Alimenti_conservati_sotto_olio


La conservazione degli alimenti è uno dei processi fondamentali della trasformazione agroalimentare e ha lo scopo di preservare nel tempo la commestibilità e il valore nutritivo di un prodotto agroalimentare, prevenendone le alterazioni accidentali.

Esistono due fondamentali ordini di ragioni per cui i cibi si deteriorano
  • alterazioni di origine biologica, ovvero quelle causate direttamente dagli enzimi presenti nelle cellule dell’alimento, o indirettamente, dagli enzimi appartenenti ai microrganismi che contaminano e che si sviluppano nell’alimento. Questi possono alterare i caratteri organolettici e il valore nutritivo dell’alimento causando putrefazione (a carico di proteine e amminoacidi), inacidimento e irrancidimento dei grassi, fermentazione dei carboidrati oppure compromettere la salubrità dell’alimento generando germi patogeni, muffe e parassiti;
  • alterazioni di origine fisico–chimica dovute a ossigeno, luce e raggi UV (favoriscono l’irrancidimento), calore (disidrata gli alimenti, accelera le reazioni chimiche e la riproduzione dei microrganismi), variazioni del contenuto idrico (una diminuzione causa avvizzimento mentre l’aumento favorisce lo sviluppo di muffe e batteri).
Conservare un alimento significa quindi agire in modo tale da bloccare o ridurre il contatto dei cibi con calore, luce, ossigeno e acqua creando condizioni e ambienti sfavorevoli allo sviluppo dei microrganismi attraverso l’azione su temperatura, umidità e reazioni chimiche dell'ambiente.

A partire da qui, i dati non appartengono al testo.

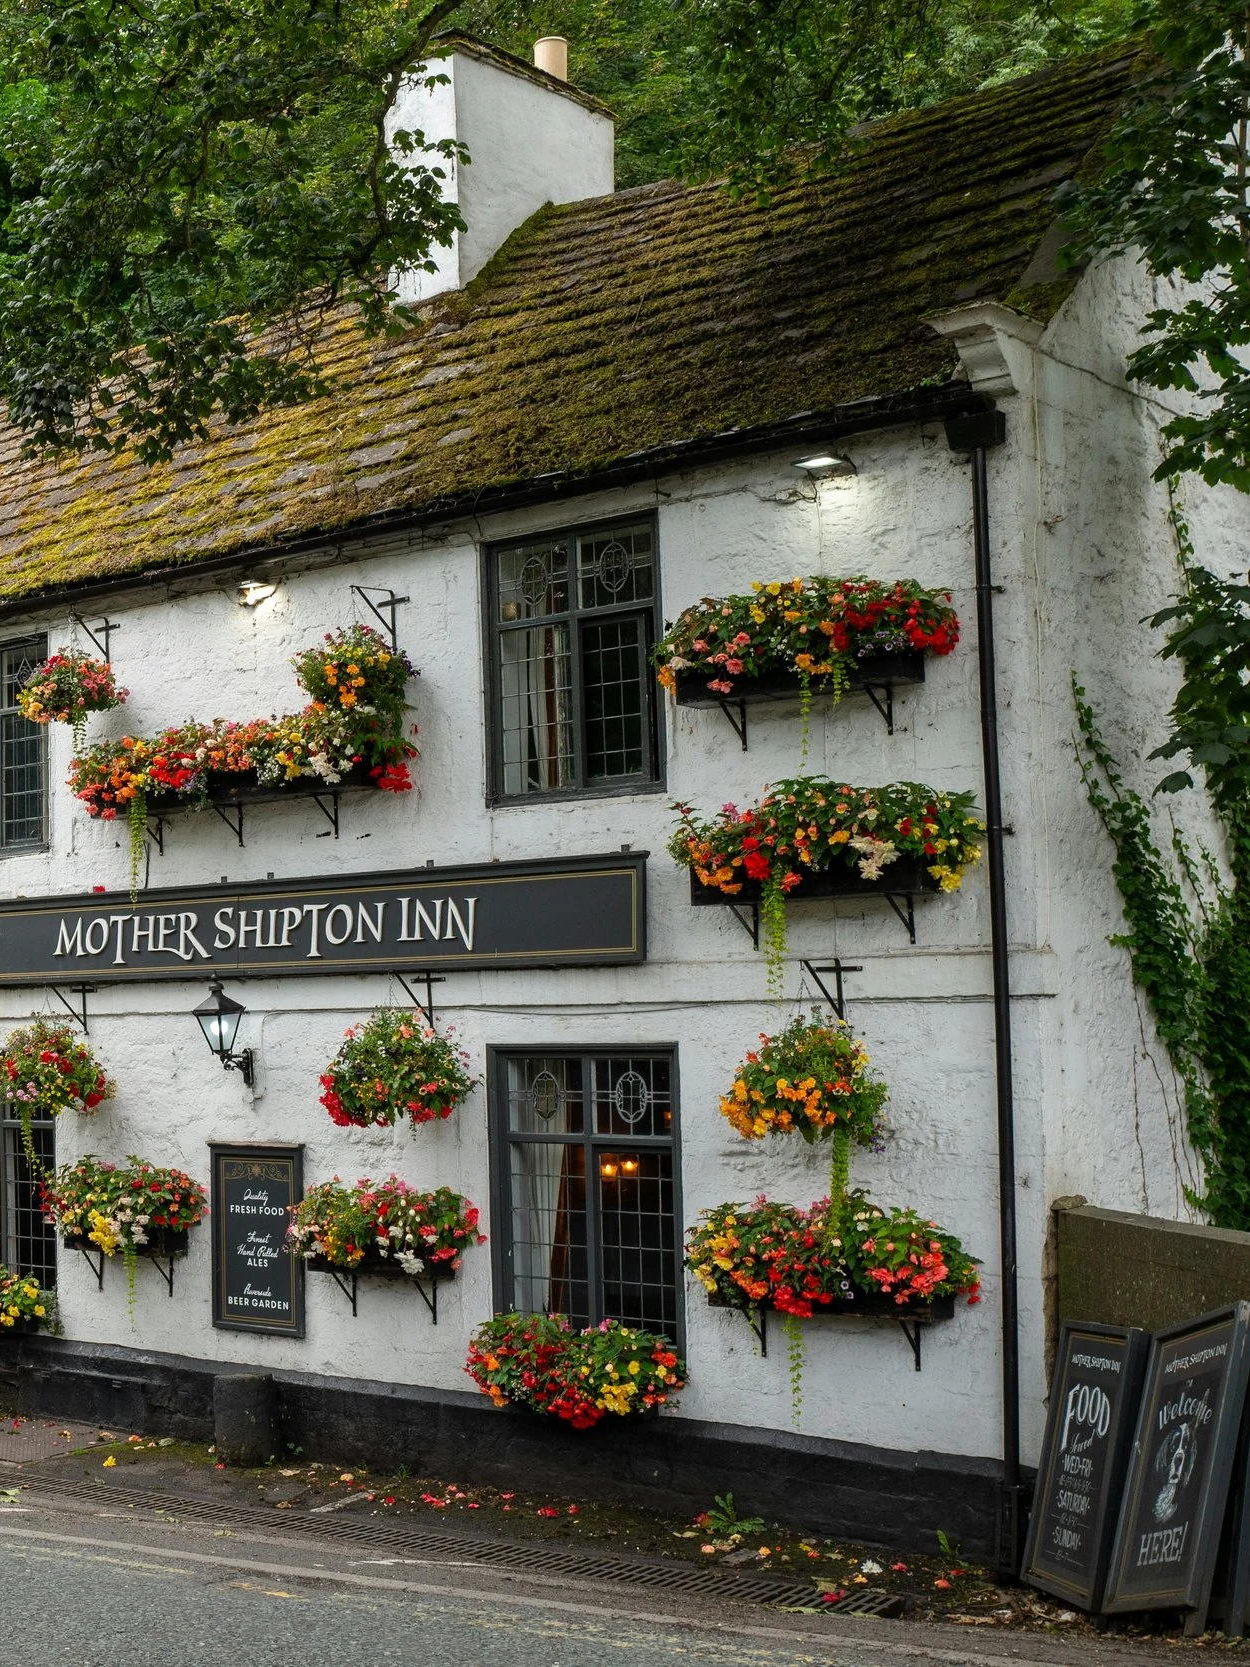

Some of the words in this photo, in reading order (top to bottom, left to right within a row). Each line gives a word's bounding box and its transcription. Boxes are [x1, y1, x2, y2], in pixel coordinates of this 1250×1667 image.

La storia della conservazione dei cibi è molto antica; gli uomini primitivi sono stati i primi ad avvertire la necessità di conservare il cibo per diverse ragioni legate a stagionalità, nomadismo, imprevisti ecc. Le prime tecniche, sebbene basate su principi tuttora validi, erano molto rudimentali e ricorrevano all’utilizzo di sale, ghiaccio, spezie, fumo, neve o processi come tostatura ed essiccatura. È solo nel corso dell’800 che un pasticcere francese, Nicolas Appert (da cui il nome della tecnica tuttora adoperata) intuisce l’efficacia della conservazione in vetro e dell’utilizzo del calore per rallentare il processo di deterioramento del cibo. Sarà invece un inglese, Peter Durant, nel corso de medesimo secolo, a introdurre le scatole di latta.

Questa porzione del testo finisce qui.